The version chosen for Disc 1 leaps out of the speakers at a blistering tempo. There’s no Tyner, and that seems like a prescient choice—of the four distinct versions on the double album, the two where Tyner lays out seem like the closest to realizing ‘Trane’s intention. Garrison is really holding things down—as stalwart as a well-built fortress against the sonic onslaught of Jones and Coltrane. ‘Trane’s virtually limitless palette of ideas holds up to close scrutiny. Each subsequent version of “Impressions” contains its own set of themes and avenues for extended development, and yet one can hear unifying threads that date back to his solo on the Miles Davis antecedent tune “So What,” from the epochal Kind of Blue.

The penultimate selection, “Slow Blues,” is perhaps the most accurately titled piece in the Coltrane canon. It proceeds in gloriously languid fashion, with an almost burlesque feel from ‘Trane’s tenor, the meaty low tones of Garrison’s bass and the pinpoint precision of Jones’s ride cymbal. If the blues represents every jazz man’s freedom to adhere or deviate from the concept of cliché, then Coltrane manages to argue both ends of that proposition in his lengthy solo, which transforms what could be trite in the hands of others into a deeper, more meaningful set of observations on the human condition. Tyner finally enters at the 6:00 minute mark—and he practically tattoos a remarkable doctoral thesis on the keys of the Van Gelder Steinway. It’s all raw, all grit, all blues.

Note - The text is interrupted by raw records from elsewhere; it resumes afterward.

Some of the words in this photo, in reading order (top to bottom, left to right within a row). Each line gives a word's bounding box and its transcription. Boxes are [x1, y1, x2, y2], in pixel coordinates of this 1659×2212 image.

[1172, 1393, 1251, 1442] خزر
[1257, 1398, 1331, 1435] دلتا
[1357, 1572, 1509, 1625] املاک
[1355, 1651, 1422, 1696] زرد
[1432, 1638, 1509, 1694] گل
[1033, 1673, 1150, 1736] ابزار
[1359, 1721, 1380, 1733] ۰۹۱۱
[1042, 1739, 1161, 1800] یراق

Which brings us to the main disc closer, “One Up, One Down,” a fragmented melody built on an augmented triad. This is a classic example of where the Coltrane group was headed in the next few years—melodies based on scale partials or cells and an extreme emphasis placed upon the drums as a melodic force in and of itself. Jones and Coltrane trade eights for an extended period of time, leading ultimately to excellent, extended solos from bass and drums. It’s a tour de force, for sure, and the harbinger of future albums like Sunship and One Down, One Up (Live at the Half Note).

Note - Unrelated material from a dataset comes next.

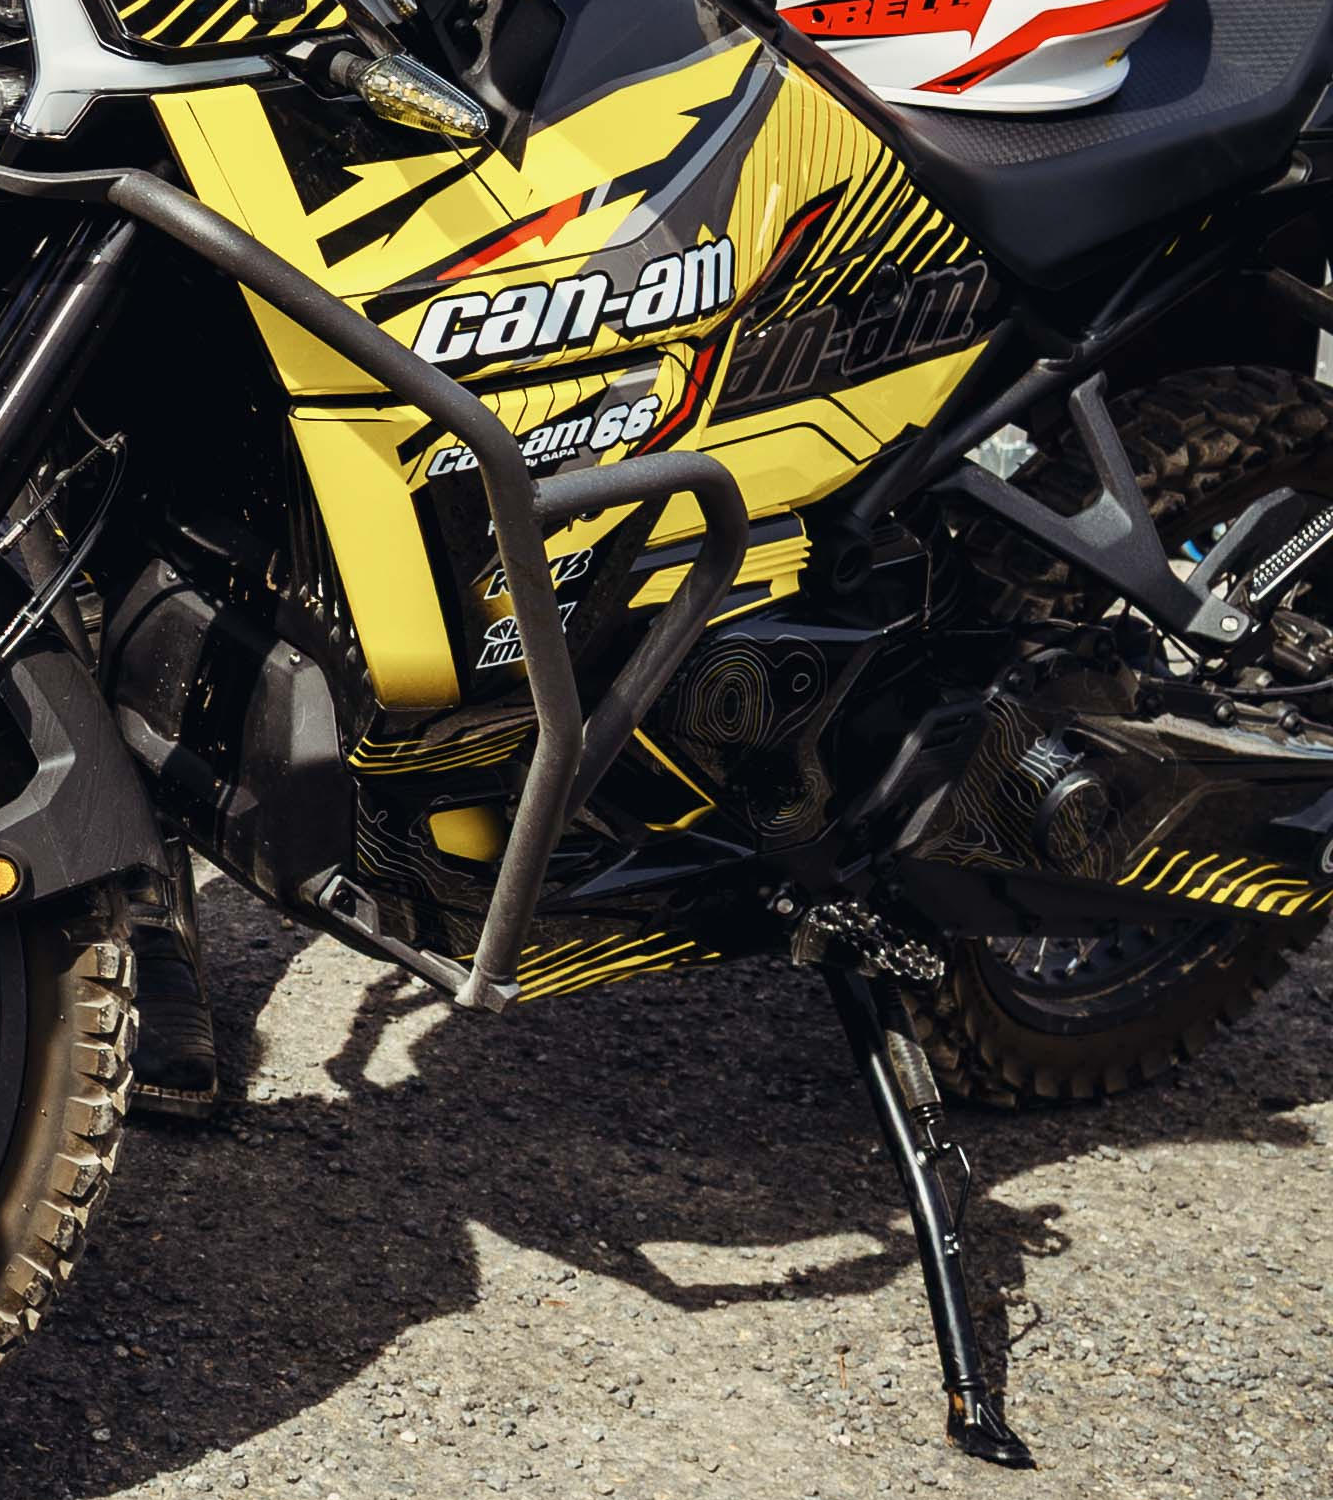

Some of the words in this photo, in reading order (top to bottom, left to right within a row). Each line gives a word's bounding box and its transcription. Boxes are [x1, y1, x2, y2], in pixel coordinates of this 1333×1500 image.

[412, 236, 735, 363] can-am
[590, 393, 662, 450] 66
[540, 447, 576, 464] GAPA

So, in closing, is Both Directions at Once: The Lost Album worthy of the hype? Absolutely. We may never come upon another unreleased Coltrane studio session of this quality, and the world can always learn something from Coltrane’s relentless quest for unity in his music.

Does it deserve mention alongside milestones like Giant Steps, Crescent, or A Love Supreme? No, but it is a wonderful glimpse into a single day in the evolution of the finest working group the jazz world has ever known. That’s more than enough for me.

One final thought: all of this and so much more of the many posthumous releases in the Coltrane catalog is only possible because of the wisdom, vision and courage of Coltrane’s Impulse producer Bob Thiele, who made sure the bandleader had access to the Van Gelder recording studio whenever he felt like recording, even though his contract called for just two albums a year. Label executives at the time howled in displeasure—perhaps the most myopic “business” posture ever. Kudos to Thiele for standing his ground when he had to and coming up with other creative solutions when all else failed.